Monday, October 24, 2011

Closed Reading - #3 "Gadhafi's death is only the beginning"

I found a surprisingly large amount of good information for analysis in this short editorial. 
First I want to comment on the title. "Gadhafi's death is only the beginning". This gives readers a sense of foreboding and fear that there will be more problems in Libya after the erstwhile dictator's death. As readers read on, the readers are shown other possible problems such as the possibility of the rebels "splintering" to create a new dictatorship. 

Second, another thing that is interesting is the syntax of the first paragraph. The author starts out with "It's hard to recall a time when so many tyrants and terrorists met such fitting ends." The author then lays out many examples of "tyrants and terrorists" who were disposed of in the past couple of months. The structure is effective and the first paragraph serves as a good intro to the rest of the editorial. Also the last paragraph is a carefully constructed piece of syntax. The author points out the effects of the Arab Spring and how the U.S. could possibly improve their relations with the Middle East. However, back to the "tyrants and terrorists" the author finishes the editorial with, "Patient persistence should keep the tally of fallen despots and failed terrorists growing, with Syrian leader Bashir Assad the next likely candidate to join the list."

Lastly, the author uses diction to show the tyrants and terrorists in a bad light. The use of words such as "demise" and "despotic" suggests that the author thinks that these people deserved what they got and the world is a whole lot better without them. 

3 comments:

  1. I would have liked to read the editorial that went along with your analysis of it...however, I get the gist of what you are saying. Maybe analyze the syntax further. What made the use of syntax significant other than "tyrants and terrorists"? Also, work a little on transitions and finishing points before moving on to the next. The middle paragraph reads a little choppily. "However, back to the "tyrants and terrorists"..." this part had me a little mixed up. Other than that, nice job explaining the significance of the title and the authors use of diction.

    ReplyDelete
  2. I have to tell you this... the Korean setting on your blog is quite troubling, given that I am brown. However my best friend is George Park so Korean is in my blood enough so I will be able to survive. I just wanted to let you know that i am struggling.

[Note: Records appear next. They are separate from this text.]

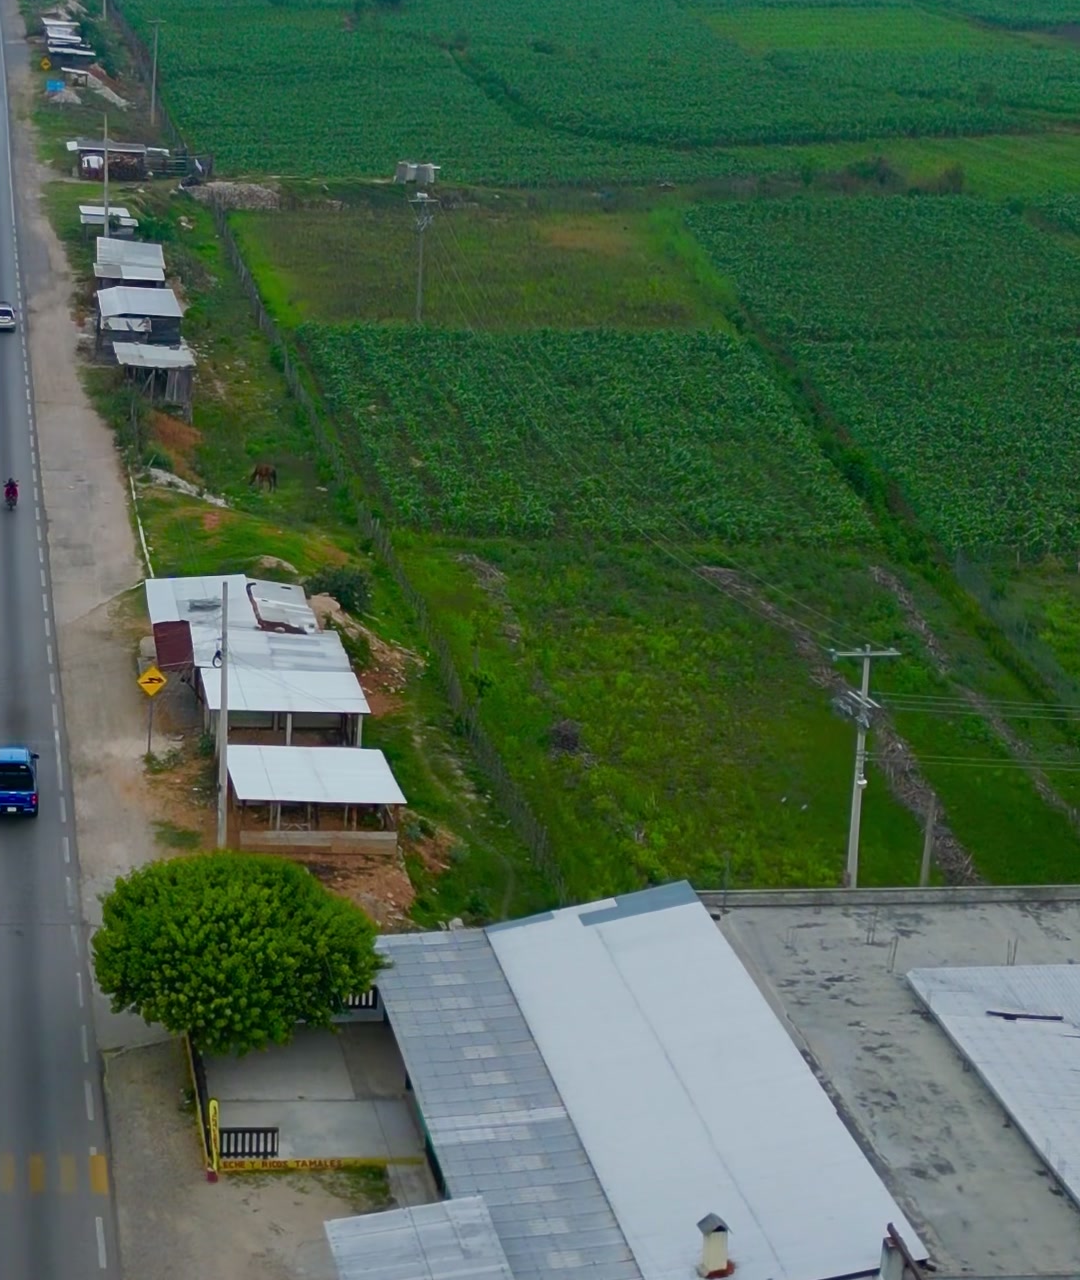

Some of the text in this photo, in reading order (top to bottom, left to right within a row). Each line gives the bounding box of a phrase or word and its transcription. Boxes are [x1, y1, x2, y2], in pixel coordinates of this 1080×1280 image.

[222, 1160, 245, 1169] ECHE
[250, 1160, 255, 1169] Y
[295, 1159, 343, 1169] TAMALES
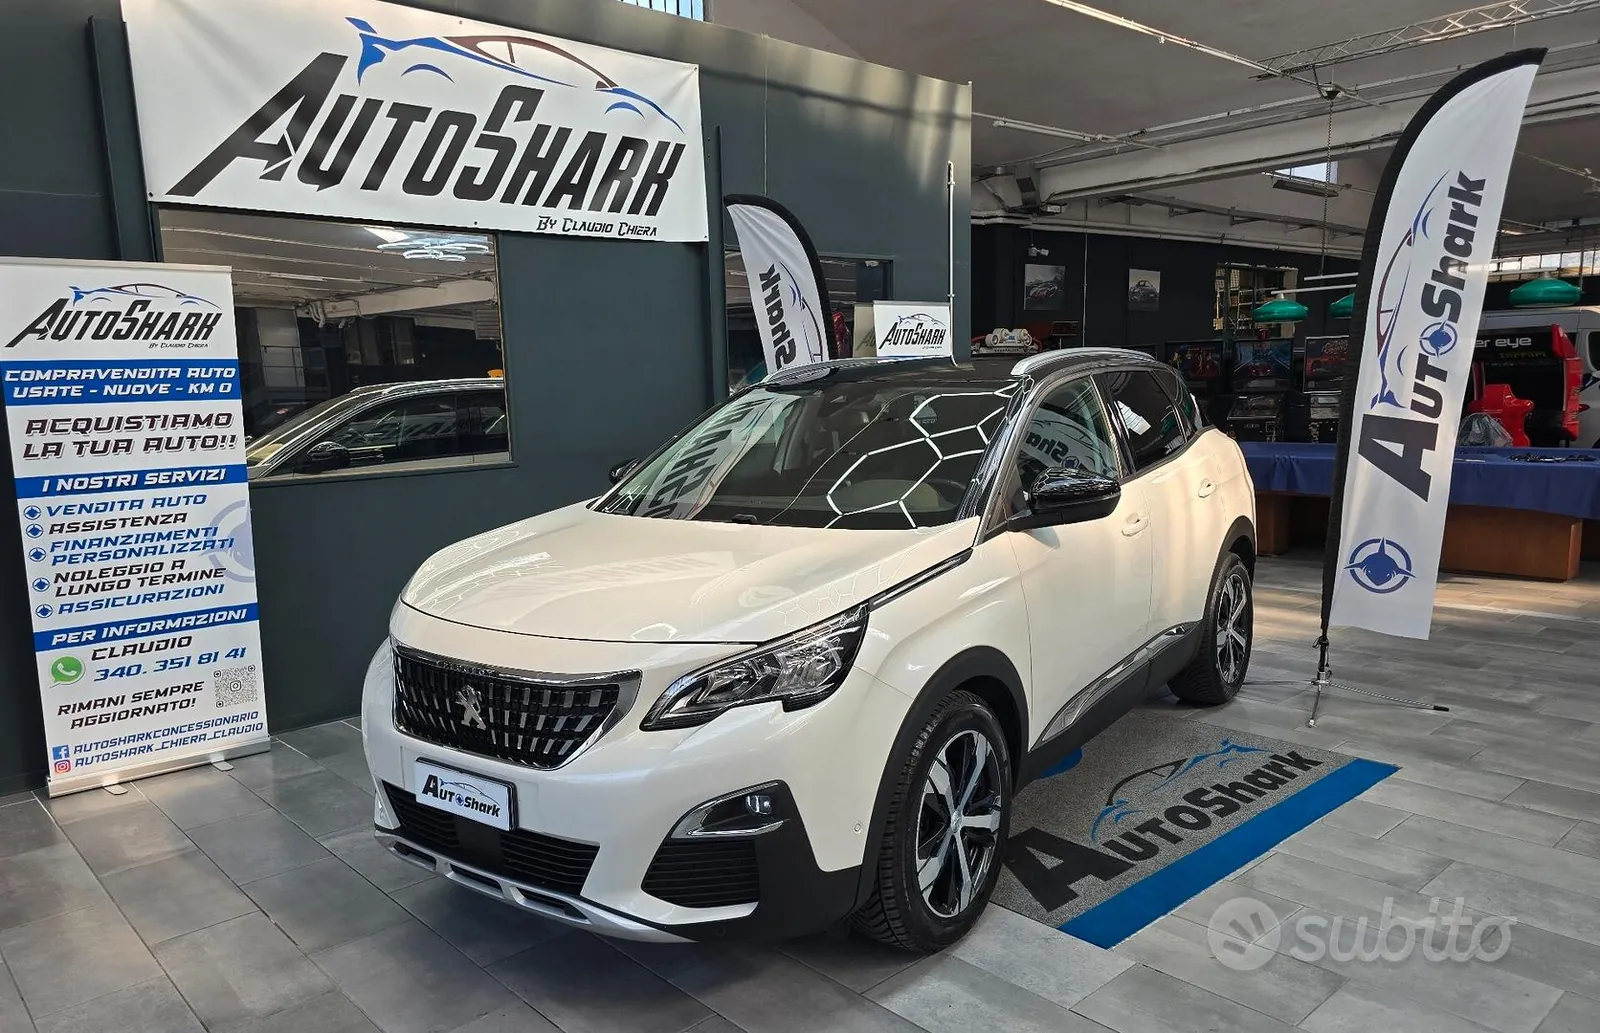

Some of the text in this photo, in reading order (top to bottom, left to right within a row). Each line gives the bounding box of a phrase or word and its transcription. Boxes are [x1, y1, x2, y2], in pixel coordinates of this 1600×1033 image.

[1495, 337, 1532, 349] eye
[4, 367, 237, 382] COMPRAVENDITA AUTO
[13, 385, 83, 398] USATE
[102, 383, 171, 396] NUOVE
[188, 383, 214, 394] KM
[25, 412, 234, 437] ACQUISTIAMO
[23, 434, 238, 460] LA TUA AUTO!!
[41, 468, 227, 493] I NOSTRI SERVIZI
[46, 494, 207, 518] VENDITA AUTO
[49, 512, 188, 535] ASSISTENZA
[50, 526, 219, 553] FINANZIAMENTI
[51, 538, 235, 566] PERSONALIZZATI
[53, 560, 186, 584] NOLEGGIO A
[54, 567, 227, 598] LUNGO TERMINE
[58, 584, 225, 615] ASSICURAZIONI
[51, 608, 248, 647] PER INFORMAZIONI
[91, 636, 193, 661] CLAUDIO
[152, 656, 191, 673] 351
[197, 651, 219, 665] 81
[225, 647, 247, 660] 41
[57, 681, 205, 716] RIMANI SEMPRE
[70, 698, 197, 730] AGGIORNATO!
[73, 711, 259, 755] AUTOSHARKCONCESSIONARIO
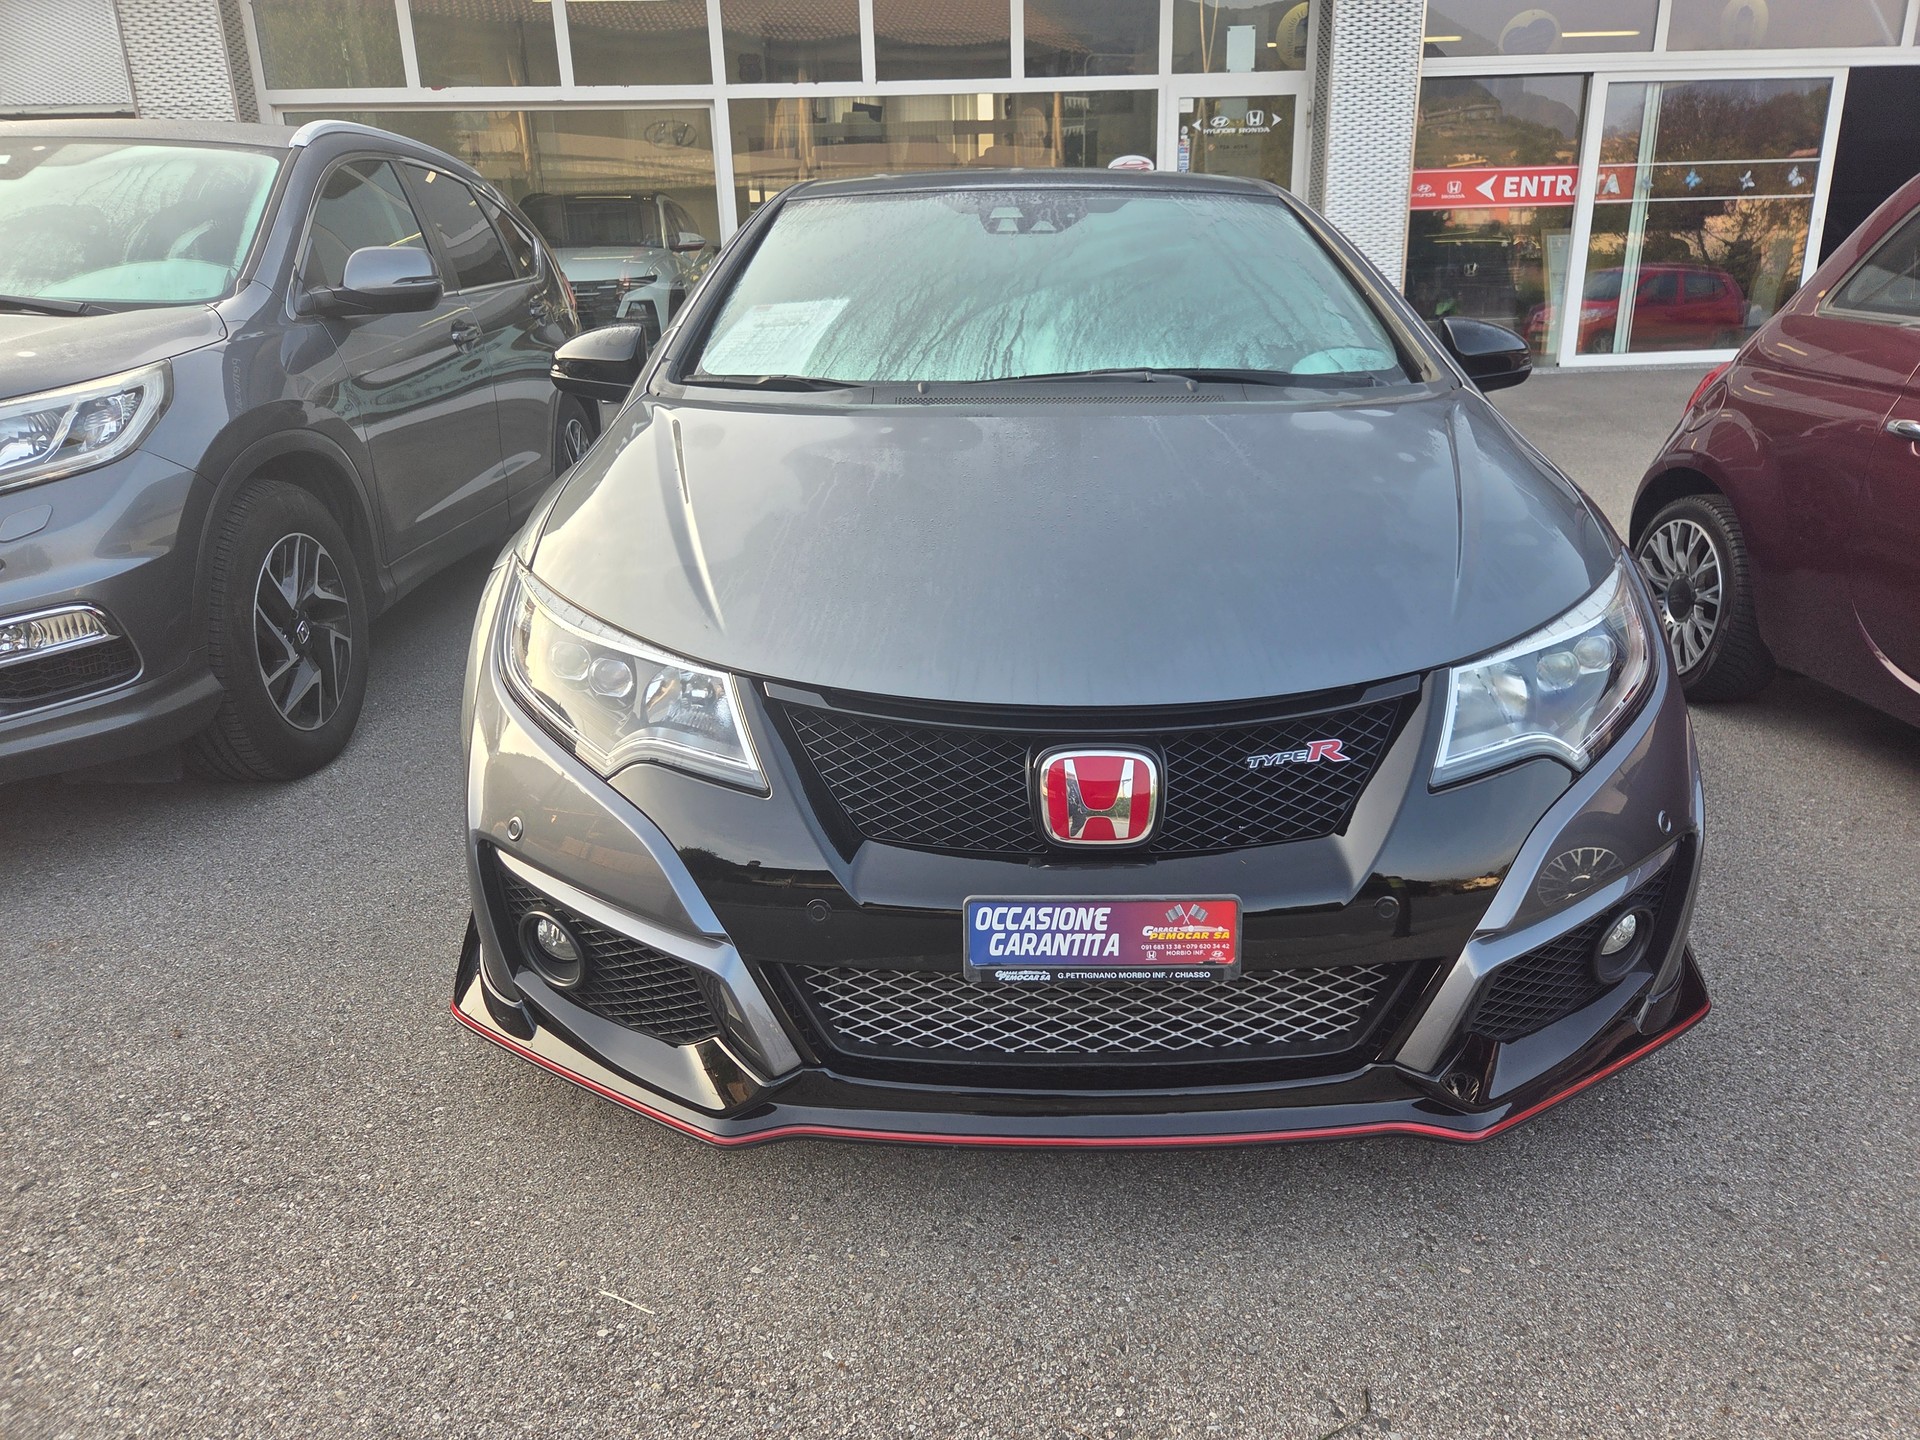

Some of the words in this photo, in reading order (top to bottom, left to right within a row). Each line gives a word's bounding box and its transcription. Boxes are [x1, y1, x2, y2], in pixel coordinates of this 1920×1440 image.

[1503, 174, 1620, 197] ENTRTA
[975, 907, 1112, 931] OCCASIONE
[1142, 925, 1180, 936] GARAGE
[1149, 931, 1210, 940] PEMOCAR
[1213, 931, 1230, 940] SA
[989, 933, 1120, 956] GARANTITA
[1152, 971, 1168, 979] INF.

    It seems that you are analyzing diction, not syntax. Try commenting more on the structure and the author's use of sentence length and comma. After that go into your explanation.

    ReplyDelete
  3. You had a lot of diction analysis, and it was strong. I also am glad you looked at the title, particularly because it's so deliberately written to both hook readers in and to tell readers what it's about. Your formatting is a little weird, with your spacing changing, but whatever. You could talk a little more about how your various observations combine to give the piece meaning, because you have a lot of insightful things to point out that would be even stronger together.